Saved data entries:
______________________________
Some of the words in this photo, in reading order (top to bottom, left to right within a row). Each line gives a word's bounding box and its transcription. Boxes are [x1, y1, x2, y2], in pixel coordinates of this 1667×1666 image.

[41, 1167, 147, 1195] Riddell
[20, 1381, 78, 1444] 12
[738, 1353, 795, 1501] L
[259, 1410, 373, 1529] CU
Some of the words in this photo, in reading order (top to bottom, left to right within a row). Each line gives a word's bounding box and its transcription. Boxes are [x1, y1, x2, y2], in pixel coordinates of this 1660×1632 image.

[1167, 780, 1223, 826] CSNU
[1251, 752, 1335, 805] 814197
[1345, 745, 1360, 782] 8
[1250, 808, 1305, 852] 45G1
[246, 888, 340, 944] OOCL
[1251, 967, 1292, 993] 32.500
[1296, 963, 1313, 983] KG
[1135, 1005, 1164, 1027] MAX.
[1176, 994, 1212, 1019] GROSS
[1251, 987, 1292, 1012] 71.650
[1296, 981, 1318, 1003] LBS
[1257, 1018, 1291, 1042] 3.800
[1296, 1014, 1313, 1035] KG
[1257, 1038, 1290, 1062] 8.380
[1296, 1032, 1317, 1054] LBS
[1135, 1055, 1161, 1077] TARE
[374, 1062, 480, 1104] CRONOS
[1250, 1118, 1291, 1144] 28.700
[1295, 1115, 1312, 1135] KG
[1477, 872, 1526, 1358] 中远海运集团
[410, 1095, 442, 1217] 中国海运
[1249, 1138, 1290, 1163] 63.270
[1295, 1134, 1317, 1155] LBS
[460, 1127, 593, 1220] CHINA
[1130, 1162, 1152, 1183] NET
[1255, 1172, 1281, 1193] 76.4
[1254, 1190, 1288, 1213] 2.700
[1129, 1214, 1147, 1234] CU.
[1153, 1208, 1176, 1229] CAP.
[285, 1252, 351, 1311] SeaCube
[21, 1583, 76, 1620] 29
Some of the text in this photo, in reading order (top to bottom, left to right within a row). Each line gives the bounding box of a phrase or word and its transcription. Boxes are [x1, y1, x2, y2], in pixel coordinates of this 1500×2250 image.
______________________________
#### [WHAT NEEDS TO BE DONE]
Every line of the data above is to be repeated exactly.

#### [ANSWER TO THE EXERCISE]
Some of the words in this photo, in reading order (top to bottom, left to right within a row). Each line gives a word's bounding box and its transcription. Boxes are [x1, y1, x2, y2], in pixel coordinates of this 1667×1666 image.

[41, 1167, 147, 1195] Riddell
[20, 1381, 78, 1444] 12
[738, 1353, 795, 1501] L
[259, 1410, 373, 1529] CU
Some of the words in this photo, in reading order (top to bottom, left to right within a row). Each line gives a word's bounding box and its transcription. Boxes are [x1, y1, x2, y2], in pixel coordinates of this 1660×1632 image.

[1167, 780, 1223, 826] CSNU
[1251, 752, 1335, 805] 814197
[1345, 745, 1360, 782] 8
[1250, 808, 1305, 852] 45G1
[246, 888, 340, 944] OOCL
[1251, 967, 1292, 993] 32.500
[1296, 963, 1313, 983] KG
[1135, 1005, 1164, 1027] MAX.
[1176, 994, 1212, 1019] GROSS
[1251, 987, 1292, 1012] 71.650
[1296, 981, 1318, 1003] LBS
[1257, 1018, 1291, 1042] 3.800
[1296, 1014, 1313, 1035] KG
[1257, 1038, 1290, 1062] 8.380
[1296, 1032, 1317, 1054] LBS
[1135, 1055, 1161, 1077] TARE
[374, 1062, 480, 1104] CRONOS
[1250, 1118, 1291, 1144] 28.700
[1295, 1115, 1312, 1135] KG
[1477, 872, 1526, 1358] 中远海运集团
[410, 1095, 442, 1217] 中国海运
[1249, 1138, 1290, 1163] 63.270
[1295, 1134, 1317, 1155] LBS
[460, 1127, 593, 1220] CHINA
[1130, 1162, 1152, 1183] NET
[1255, 1172, 1281, 1193] 76.4
[1254, 1190, 1288, 1213] 2.700
[1129, 1214, 1147, 1234] CU.
[1153, 1208, 1176, 1229] CAP.
[285, 1252, 351, 1311] SeaCube
[21, 1583, 76, 1620] 29
Some of the text in this photo, in reading order (top to bottom, left to right within a row). Each line gives the bounding box of a phrase or word and its transcription. Boxes are [x1, y1, x2, y2], in pixel coordinates of this 1500×2250 image.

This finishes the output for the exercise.